▶ [Exercise requirements]: What follows is a listing to transcribe exactly, leaving the pictures out.

▶ [Working data]:
+++

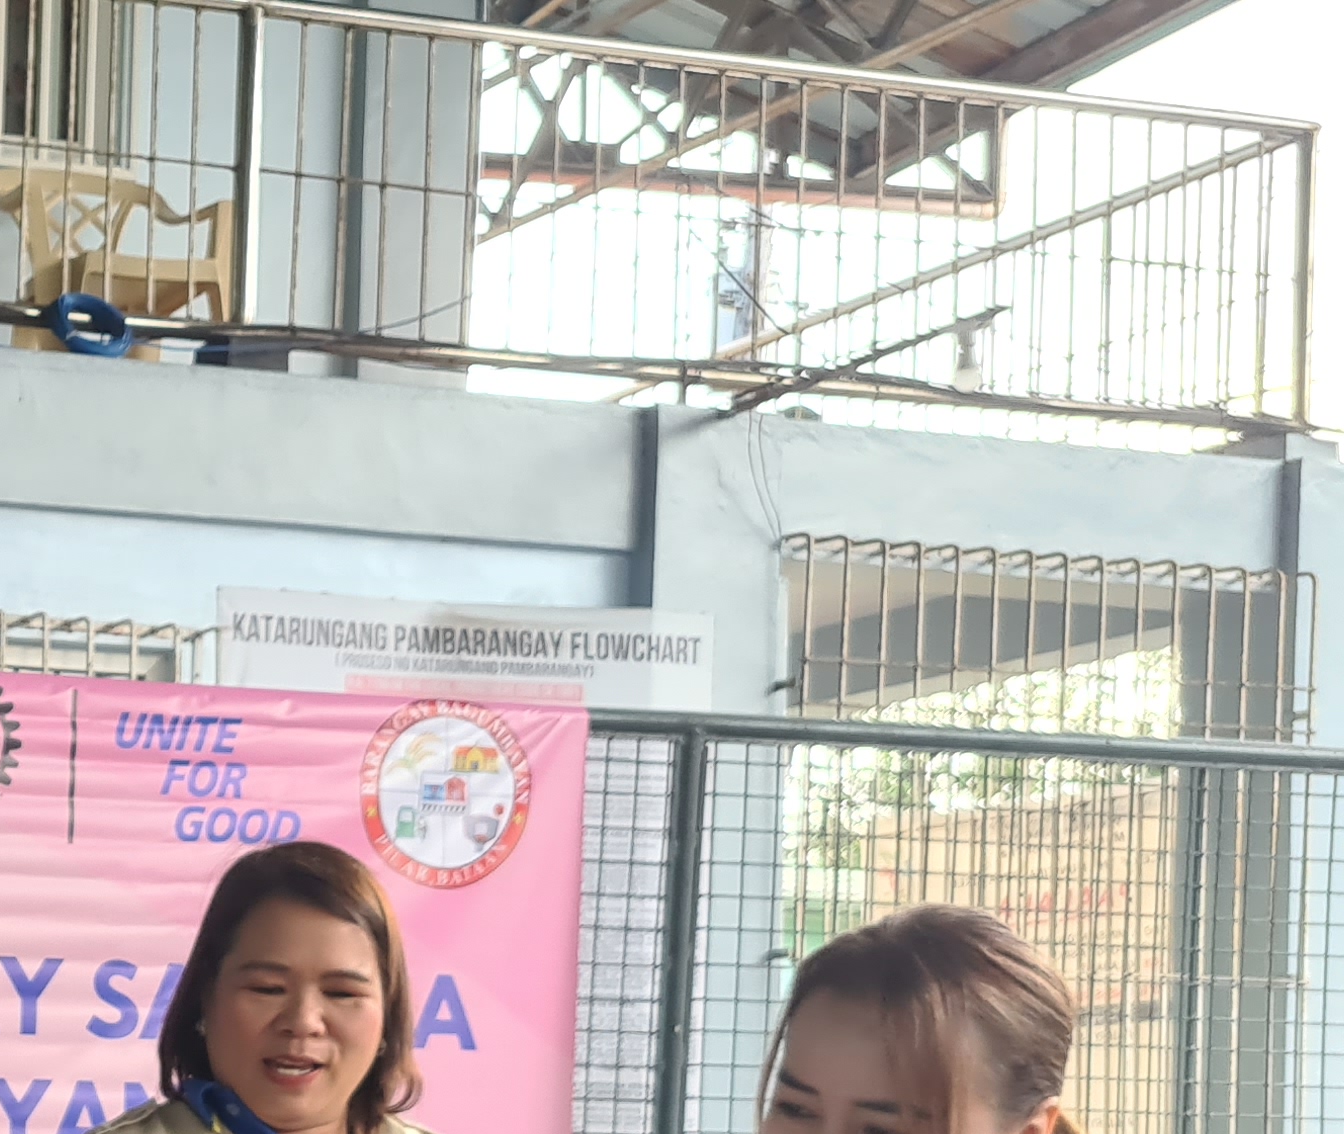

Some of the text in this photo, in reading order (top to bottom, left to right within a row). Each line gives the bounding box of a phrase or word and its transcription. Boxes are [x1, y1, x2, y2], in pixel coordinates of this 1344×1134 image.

[232, 612, 701, 664] KATARUNGANG PAMBARANGAY FLOWCHART
[115, 711, 243, 753] UNITE
[161, 759, 247, 799] FOR
[174, 806, 301, 844] GOOD
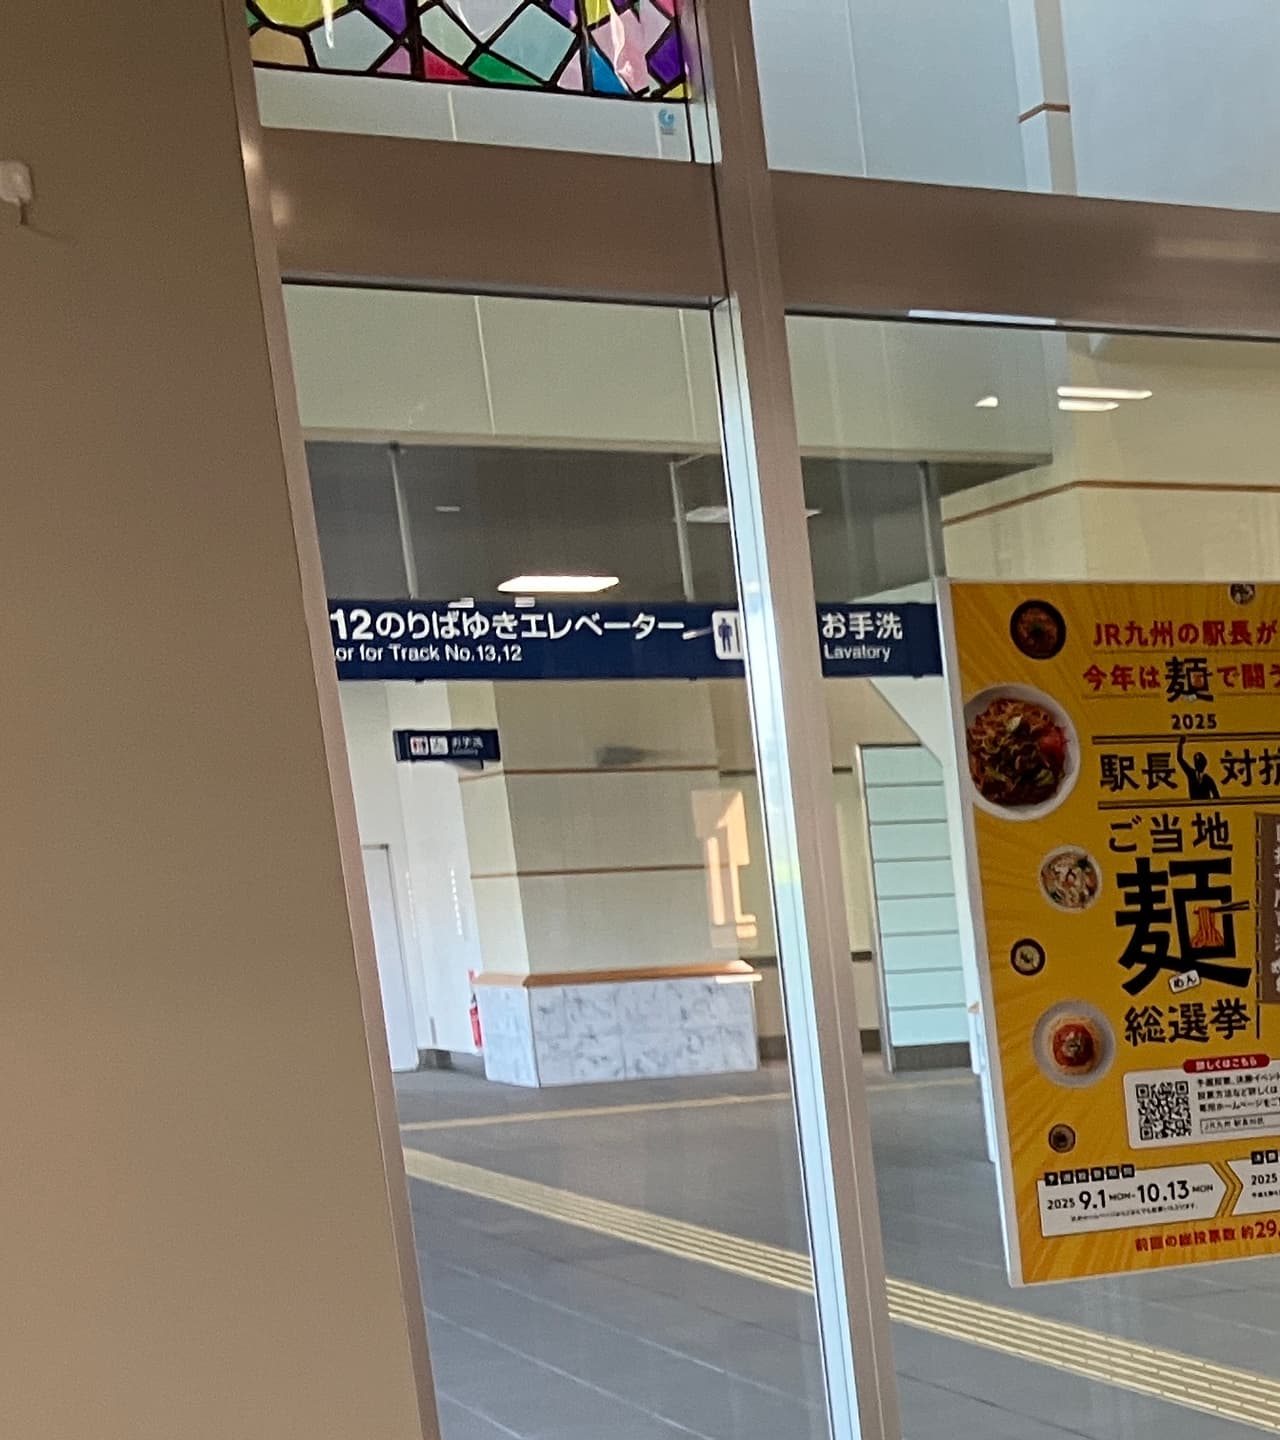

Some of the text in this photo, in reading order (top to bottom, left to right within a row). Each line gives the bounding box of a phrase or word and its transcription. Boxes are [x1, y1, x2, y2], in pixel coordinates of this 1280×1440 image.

[821, 611, 904, 640] お手洗
[1093, 619, 1278, 648] JR九州の駅長が
[359, 643, 383, 662] for
[388, 643, 440, 662] Track
[823, 643, 892, 663] Lavatory
[1171, 713, 1217, 730] 2025
[1108, 811, 1233, 853] ご当地
[1115, 857, 1252, 996] 麺
[1124, 997, 1251, 1047] 総選挙
[1195, 1056, 1258, 1071] 詳しくはこちら
[1251, 1173, 1278, 1186] 2025
[1047, 1198, 1076, 1211] 2025
[1078, 1189, 1107, 1211] 9.1
[1137, 1180, 1190, 1203] 10.13

+++

▶ [Written answer]:
Some of the text in this photo, in reading order (top to bottom, left to right within a row). Each line gives the bounding box of a phrase or word and its transcription. Boxes are [x1, y1, x2, y2], in pixel coordinates of this 1344×1134 image.

[232, 612, 701, 664] KATARUNGANG PAMBARANGAY FLOWCHART
[115, 711, 243, 753] UNITE
[161, 759, 247, 799] FOR
[174, 806, 301, 844] GOOD

Some of the text in this photo, in reading order (top to bottom, left to right within a row). Each line gives the bounding box of a phrase or word and its transcription. Boxes are [x1, y1, x2, y2], in pixel coordinates of this 1280×1440 image.

[821, 611, 904, 640] お手洗
[1093, 619, 1278, 648] JR九州の駅長が
[359, 643, 383, 662] for
[388, 643, 440, 662] Track
[823, 643, 892, 663] Lavatory
[1171, 713, 1217, 730] 2025
[1108, 811, 1233, 853] ご当地
[1115, 857, 1252, 996] 麺
[1124, 997, 1251, 1047] 総選挙
[1195, 1056, 1258, 1071] 詳しくはこちら
[1251, 1173, 1278, 1186] 2025
[1047, 1198, 1076, 1211] 2025
[1078, 1189, 1107, 1211] 9.1
[1137, 1180, 1190, 1203] 10.13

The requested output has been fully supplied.